Os advogados pararam de conversar e olharam incrédulos para tamanha demonstração! "Ohhh!!!" Que advogada, heim?! Sheila ajeitou o cabelo, colocou a gola no lugar, o sapato que quase lhe saiu do pé e foi em frente.
Falando em sapato, depois de passar o dia inteiro dando aula calçando um tênis largo, nem sempre era fácil colocar um sapatinho daqueles pontudo e de salto alto. O pé não entrava. Muito vaidosa, ela fala que vai morrer calçando um salto.
Entretanto, não era sempre que conseguia casos para defender como advogada. Na maioria das vezes tinha de ser mesmo professora em tempo integral e mais um pouco. Ficar às voltas com as crianças, organizar treinamentos, jogos, competições e apresentações.
Foi numa dessas vezes em que o trabalho como advogada estava escasso e ela já não sabia mais o que fazer para pagar todas as contas que chegavam em envelopes, que observou que não estava enxergando direito. O oftalmologista preparou a receita do óculos que ela teria de usar, mas ao chegar na ótica, Sheila quase caiu pra trás quando viu o preço que teria de pagar pelo acessório. Era quase o valor de seu salário! Mas o que fazer? Teve de comprar o óculos em muitas prestações mensais.
Fazia poucos dias que ela usava o óculos bifocal caríssimo, quando teve de levar seus alunos para uma competição de atletismo num estádio importante. Para aquelas crianças seria um dia inesquecível e Sheila, a professora, estaria lá para dar ânimo e estimular a garotada!
Na pista de corrida do estádio as crianças já estavam a postos! A excitação e a expectativa da vitória era grande! Sheila estava junto da murada da arquibancada para torcer pelos alunos e coordenar o evento. Muitas pessoas também estavam lá para torcer pelos seus. O árbitro deu o sinal e a criançada começou a correr!
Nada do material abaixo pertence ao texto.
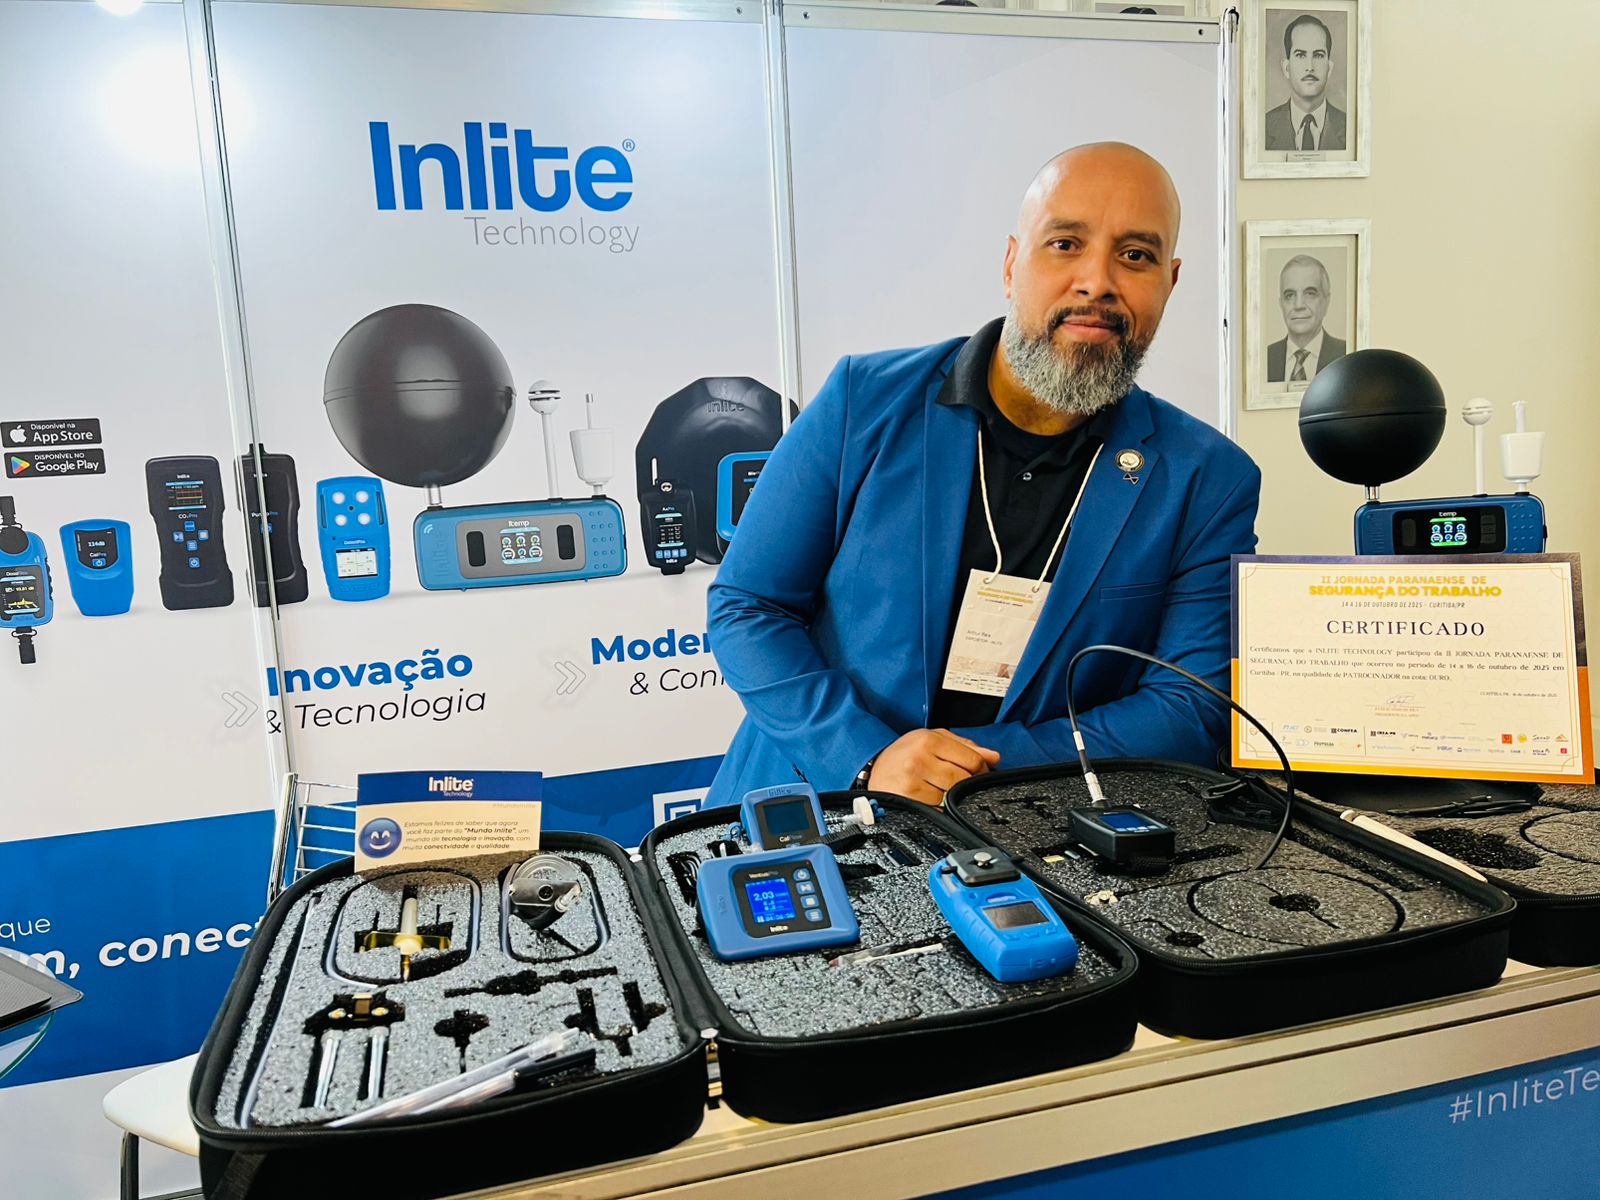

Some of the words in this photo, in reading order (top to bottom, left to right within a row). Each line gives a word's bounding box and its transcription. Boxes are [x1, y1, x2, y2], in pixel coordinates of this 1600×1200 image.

[464, 216, 640, 254] Technology
[33, 432, 59, 444] App
[60, 430, 93, 441] Store
[35, 460, 76, 473] Google
[76, 460, 100, 471] Play
[1322, 576, 1331, 584] II
[1334, 576, 1385, 584] JORNADA
[1389, 576, 1465, 584] PARANAENSE
[1472, 576, 1487, 584] DE
[1310, 586, 1396, 599] SEGURANÇA
[1398, 586, 1420, 596] DO
[1423, 586, 1502, 597] TRABALHO
[1326, 620, 1485, 636] CERTIFICADO
[1344, 648, 1392, 656] TECHNOLOGY
[1396, 648, 1431, 657] participou
[1456, 650, 1491, 658] JORNADA
[1250, 657, 1293, 666] SEGURANÇA
[266, 648, 473, 696] Inovação
[1343, 672, 1400, 680] PATROCINADOR
[630, 672, 649, 696] &
[266, 709, 282, 734] &
[294, 688, 486, 729] Tecnologia
Sheila começou a pular e gritar, levantando os braços! Parecia até carnaval! E foi quando deu mais um soco no ar que seu dedo enganchou naquele óculos caro, que foi arrancado de seu rosto e voou pelos ares bem diante das crianças que estavam vindo!!!
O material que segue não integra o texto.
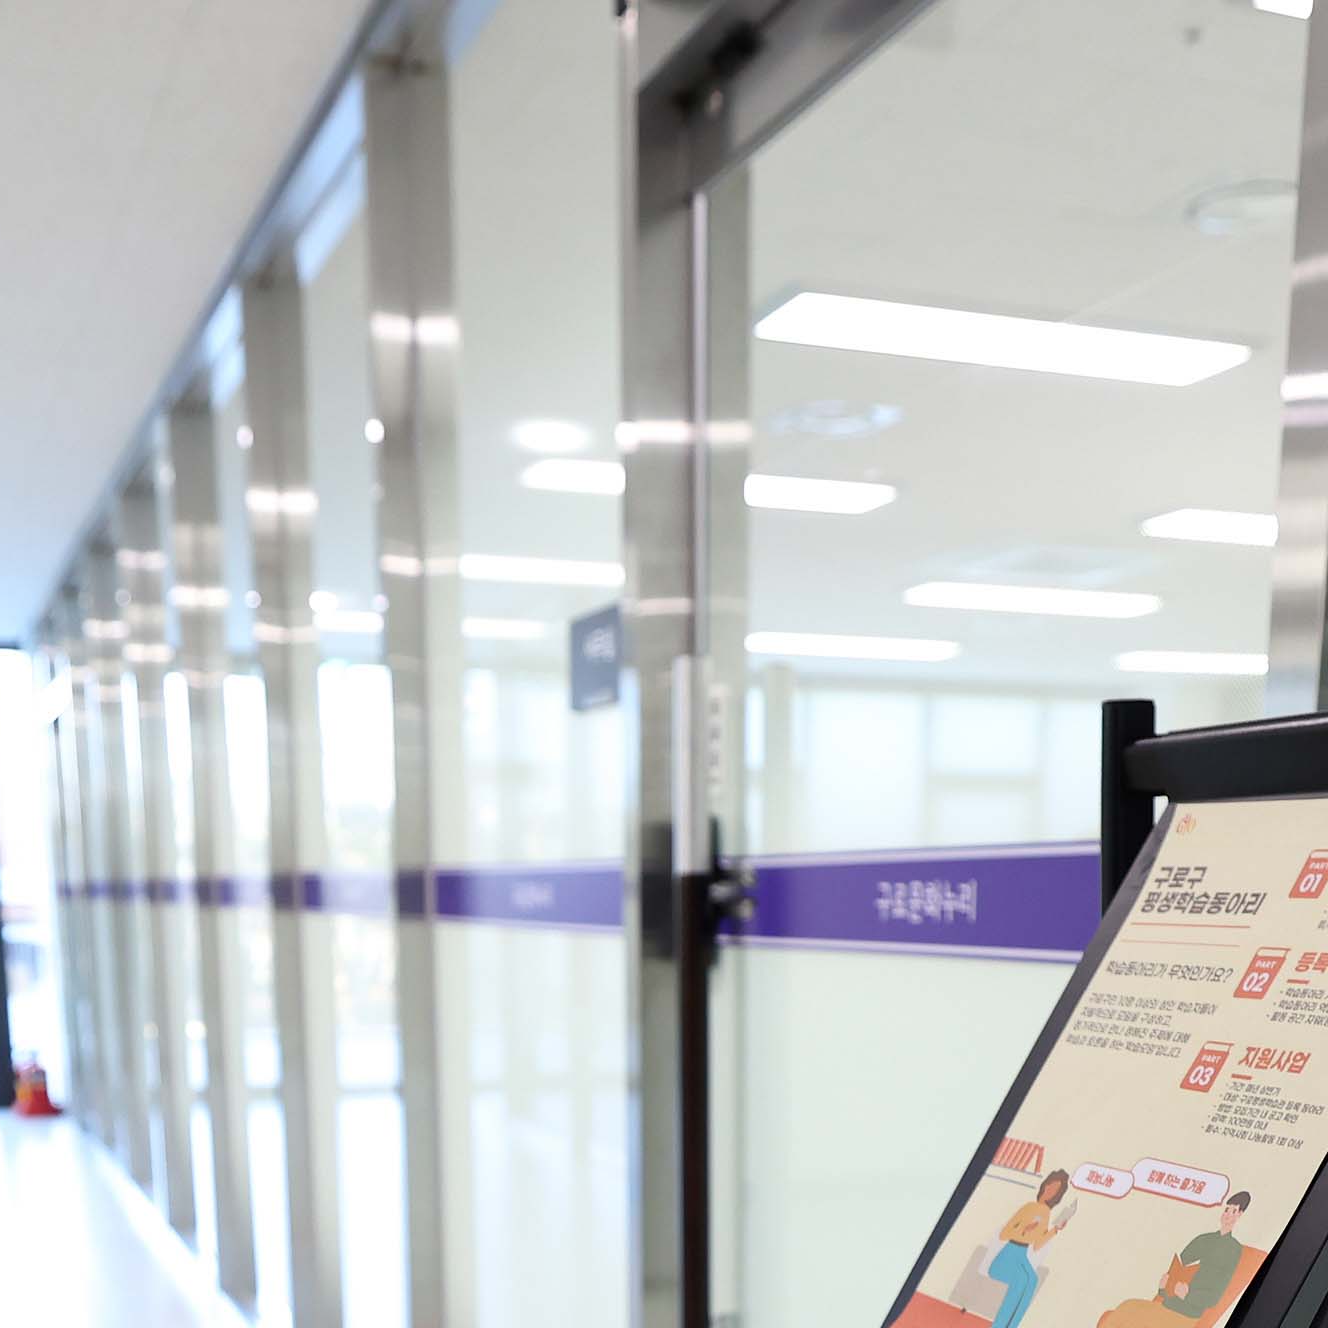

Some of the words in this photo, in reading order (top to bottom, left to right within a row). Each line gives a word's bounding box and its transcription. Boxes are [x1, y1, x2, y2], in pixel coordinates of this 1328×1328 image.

"NÃÃÃÃÃÃÃÃÃÃÃÃOOOO!!!!!!", gritou enquanto o óculos girava no ar! Ela começou a chorar no mesmo instante. As crianças, que esperavam ver a professora animando a corrida, não entenderam nada quando viram a cena! O que haviam feito de errado?
"Meu óoooooculos!!!" Era possível ouvir o grito do lado de fora do estádio. O óculos bateu numa perna, quicou num joelho e fez sua última trajetória até um enorme ralo que recolhia as águas de chuva das pistas e arquibancada.
"Meu óculos! Meu pagamento! Meus 500 reais! Parem a competição! Chamem os árbitros!" Agora as crianças tinham entendido o problema e caíam na gargalhada. Sem ainda perceber o que estava havendo, os árbitros vieram correndo acudir a professora. A competição parou e todos se juntaram em torno do ralo. O óculos tinha ido para o centro da Terra!
Do outro lado do gramado, um dos árbitros veio com a vara de um atleta que já fizera o seu salto em altura e finalizou com êxito a operação de resgate.
De volta para casa, entre um soluço e outro, Sheila foi pensando em como seria bom se no dia seguinte pudesse contar com mais um caso que a fizesse interpretar outra vez aquele outro papel de advogada, pois só assim poderia finalmente pagar seu óculos.